A predictable effect of this approach has been that criminal organizations moved in to meet the demand left by rapidly declining prescribing rates, first with heroin and then with fentanyl. These shifts have made the U.S. drug supply more volatile and lethal than ever. Another predictable effect has been that people with chronic pain who relied on opioids for relief have been leftsuffering without adequate care.
Because of lawmakers’ denial of evidence and derision of people who use drugs, the principal response to an irresponsible surge in opioid prescribing in the past has been an irresponsible plunge in opioid prescribing in the present.
Confronting the catastrophic harm of drug criminalization would involve reckoning with its role inracial oppression. Compared to white Americans, Black Americans have similar rates of drug use but are arrested at higher rates and receive harsher criminal sentences. They are also disproportionately suffering from the overdose crisis; a new study from the Pew Research Center found that, in 2020, there were 54.1 fatal drug overdoses for every 100,000 Black men in the U.S., while the rate among White men was 44.2 per 100,000.
Tellingly, the only mention of racism in the The Stanford-Lancet Commission report was to suggest that Black Americans avoided initial harms of the opioid crisis because racism limited opioid prescribing to Black patients in pain. The suggestion is that racist prescribing benefited Black communities. What’s more, the report argued that reducing economic deprivation is unnecessary in addressing the overdose crisis in part because the culture of poor people protects them from addiction, a startlingly paternalistic view. There are many studies linking economic adversity with higher risk of addiction-related harms, pointing to the importance of socioeconomic investments in reducing harms from drug use.
Rather than discussing the harms of criminal-legal involvement for people who use drugs, the report casts criminal legal system involvement as an inevitability because people who use drugs commit non-drug-related crimes at disproportionately higher rates. But they don’t provide any evidence for this stigmatizing claim that casts people who use drugs as dangerous. Studies have found that people with addiction have high rates of being victims of violence.
The report also fails to appreciate that crime rates are largely determined by enforcement practices, which are usually targeted at Black communities. Research shows violent crimes and property crimes may actually increase with greater drug-related enforcement, not with greater drug use.
Hardly mentioned in the report are the benefits of treating opioid addiction with medications like buprenorphine and methadone. These medications are proven to reduce crime, opioid use, and death. But state and federal policies restrict access to these medicines such that we don’t have nearly enough providers of medication treatment for opioid addiction to meet our needs.

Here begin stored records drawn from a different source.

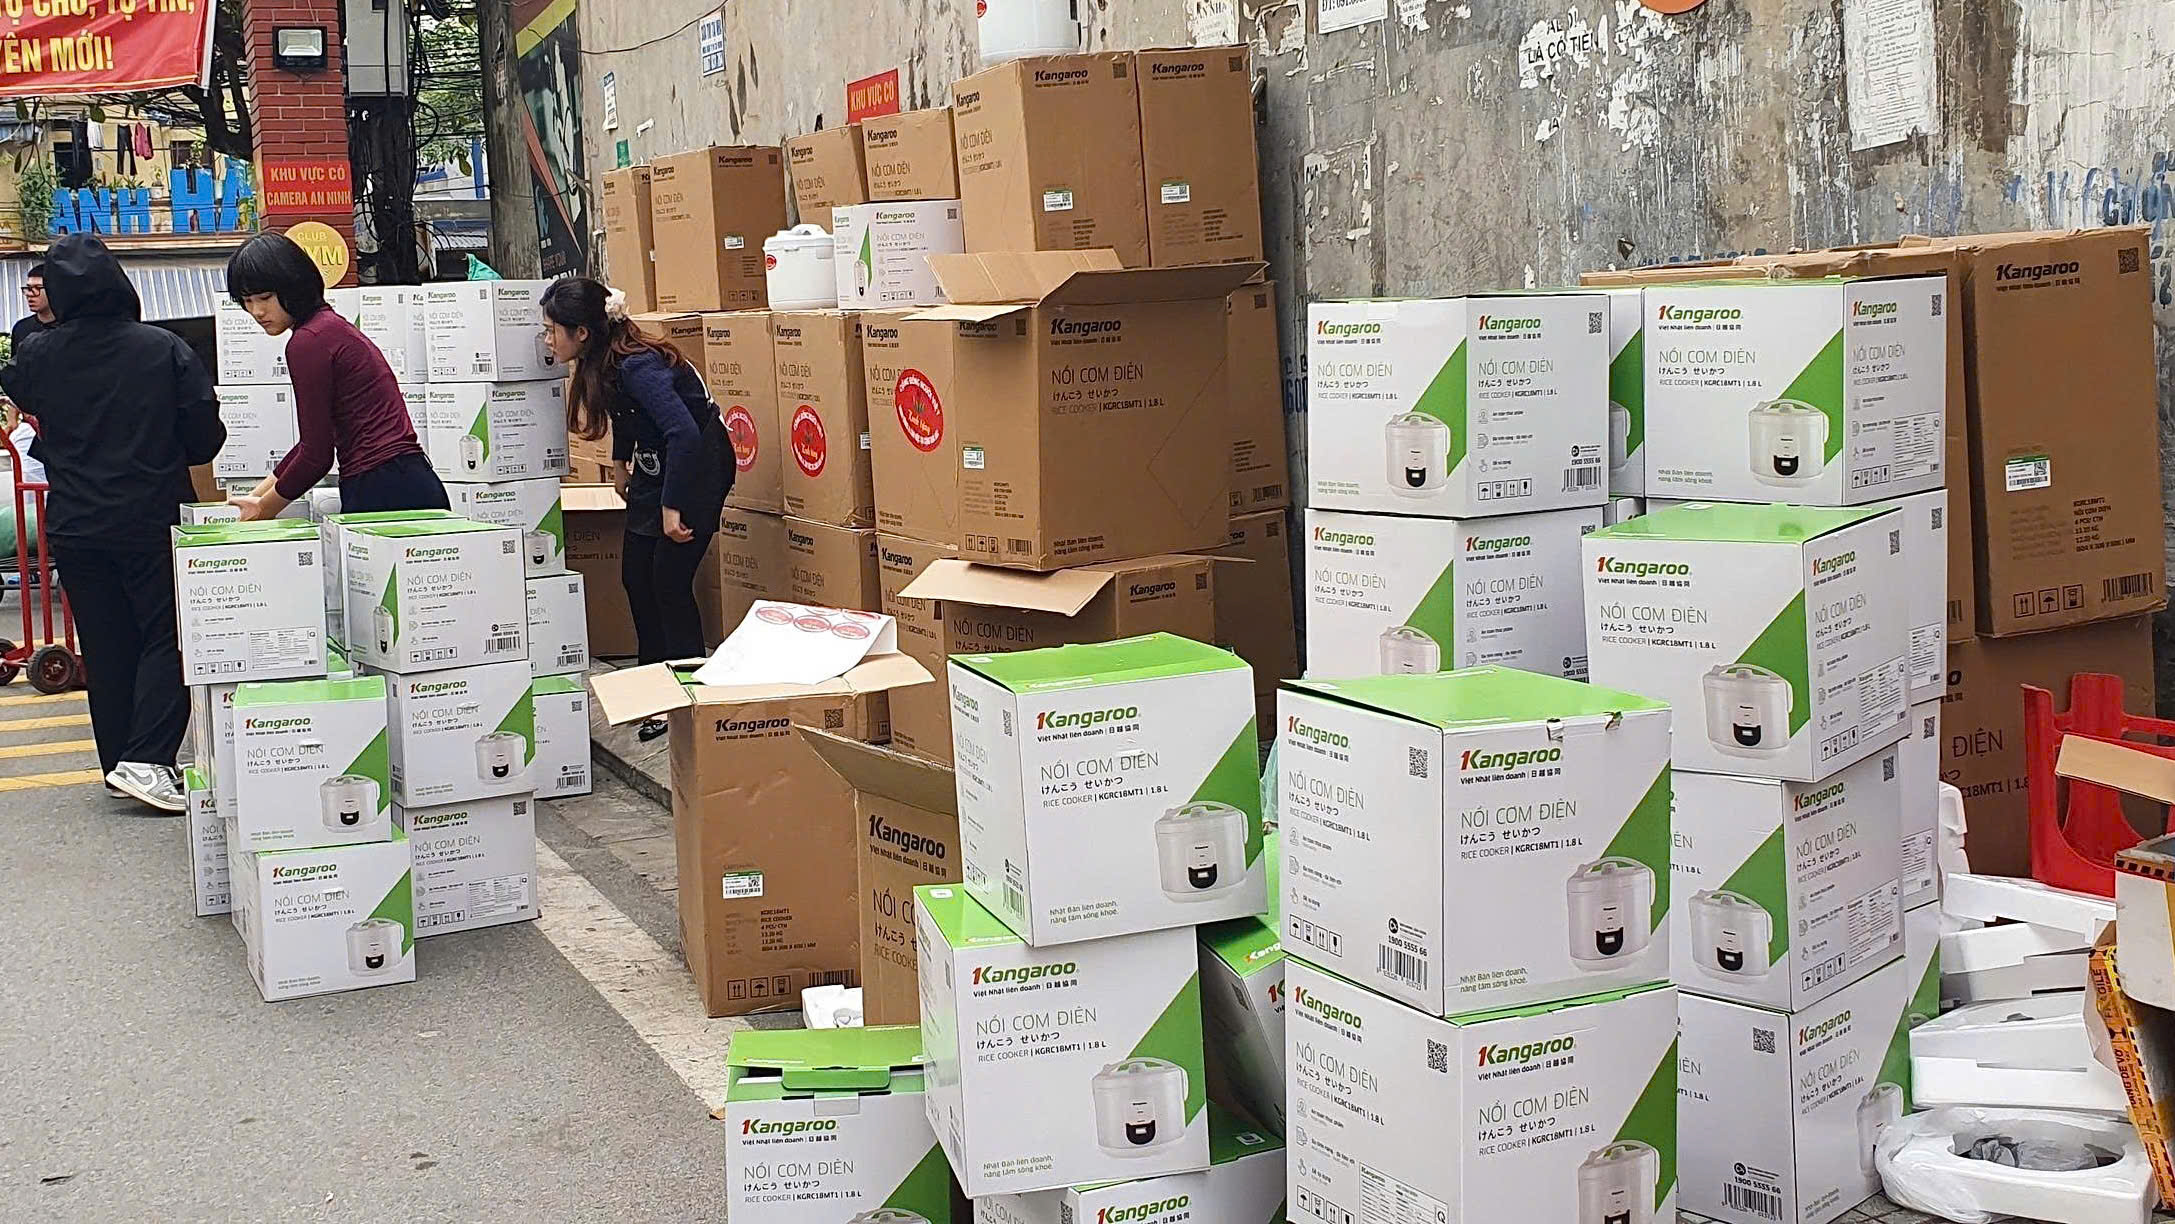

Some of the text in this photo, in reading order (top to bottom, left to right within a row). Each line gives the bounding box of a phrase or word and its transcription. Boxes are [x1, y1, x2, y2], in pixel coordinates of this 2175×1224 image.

[51, 30, 113, 71] MỚI!
[1548, 35, 1566, 59] CÓ
[1034, 69, 1088, 84] Kangaroo
[1151, 62, 1204, 75] Kangaroo
[851, 76, 894, 112] KHU VỰC CÓ
[956, 91, 980, 108] Kangaroo
[867, 129, 898, 143] Kangaroo
[718, 155, 753, 165] Kangaroo
[271, 165, 345, 184] KHU VỰC CÓ
[267, 191, 351, 205] CAMERA AN NINH
[48, 187, 150, 234] ANH
[876, 211, 915, 221] Kangaroo
[297, 232, 328, 240] CLUB
[303, 245, 343, 265] YM
[1996, 261, 2079, 281] Kangaroo
[498, 288, 530, 297] Kangaroo
[1659, 305, 1741, 323] Kangaroo
[1853, 301, 1897, 319] Kangaroo
[867, 325, 898, 340] Kangaroo
[1050, 318, 1121, 335] Kangaroo
[1318, 321, 1381, 336] Kangaroo
[1478, 315, 1540, 332] Kangaroo
[1659, 347, 1681, 364] NỒI
[1688, 349, 1718, 364] CƠM
[1052, 364, 1144, 385] NỒI CƠM ĐIỆN
[492, 390, 526, 399] Kangaroo
[476, 490, 516, 500] Kangaroo
[1315, 527, 1374, 546] Kangaroo
[1466, 535, 1531, 552] Kangaroo
[405, 546, 459, 558] Kangaroo
[188, 557, 247, 570] Kangaroo
[1597, 556, 1689, 577] Kangaroo
[1813, 550, 1856, 576] Kangaroo
[1130, 582, 1176, 597] Kangaroo
[1601, 604, 1626, 620] NỒI
[1632, 606, 1665, 622] CƠM
[410, 679, 467, 693] Kangaroo
[952, 684, 979, 712] Kangaroo
[245, 717, 311, 730] Kangaroo
[715, 717, 790, 732] Kangaroo
[1036, 705, 1139, 730] Kangaroo
[1083, 728, 1103, 737] doanh
[1288, 715, 1349, 749] Kangaroo
[1953, 728, 2003, 757] ĐIỆN
[1460, 747, 1561, 771] Kangaroo
[1041, 760, 1069, 781] NỒI
[1076, 756, 1113, 777] CƠM
[1506, 772, 1525, 780] doanh
[1042, 776, 1123, 794] けんこう せいかつ
[1289, 771, 1307, 792] NỒI
[1310, 778, 1333, 800] CƠM
[1043, 798, 1059, 808] RICE
[1062, 794, 1092, 807] COOKER
[1151, 784, 1161, 793] 1.8
[1794, 781, 1844, 811] Kangaroo
[414, 810, 467, 825] Kangaroo
[1462, 798, 1576, 829] NỒI CƠM ĐIỆN
[868, 814, 946, 859] Kangaroo
[1461, 827, 1540, 844] けんこう せいかつ
[1461, 850, 1477, 859] RICE
[1480, 847, 1509, 857] COOKER
[1516, 841, 1559, 853] KGRC18MT1
[1566, 839, 1576, 847] 1.8
[273, 863, 337, 878] Kangaroo
[1388, 935, 1403, 947] 1900
[972, 961, 1076, 986] Kangaroo
[1020, 982, 1040, 992] doanh
[1295, 986, 1362, 1030] Kangaroo
[977, 1006, 1097, 1036] NỒI CƠM ĐIỆN
[1799, 1009, 1851, 1045] Kangaroo
[977, 1031, 1060, 1049] けんこう せいかつ
[978, 1052, 995, 1062] RICE
[998, 1050, 1029, 1061] COOKER
[1035, 1044, 1081, 1056] KGRC18MT1
[1088, 1042, 1099, 1050] 1.8
[1296, 1041, 1315, 1065] NỒI
[1319, 1051, 1346, 1079] CƠM
[1478, 1036, 1574, 1067] Kangaroo
[1479, 1087, 1589, 1125] NỒI CƠM ĐIỆN
[742, 1119, 837, 1136] Kangaroo
[1479, 1116, 1556, 1141] けんこう せいかつ
[745, 1159, 854, 1179] NỒI CƠM ĐIỆN
[1098, 1195, 1189, 1224] Kangaroo

Presenting opioid use as inevitably harmful obscures the policy choices that make it so. Harm reduction programs like syringe exchanges are proven to make drug use safer without making it more common. Germany, where opioid prescriptions are now higher than the U.S. and overdoses are far lower, has embraced a harm reduction approach.The US’s problem isn’t prescription opioids but a policy environment that’s hostile to people who use drugs.
The Stanford-Lancet report makes recommendations for regulating pharmaceutical companies that, had they been in place in the ’90s, might have helped avoid the overdose crisis, though they’ll do little to reduce current deaths. When lawmakers fixate on reducing prescription opioids, they show us that they’re interested in scoring political points and campaign contributions, not in real solutions to the overdose crisis. We’ve long had the tools to ease the suffering of this crisis. We need leaders with the courage to use them.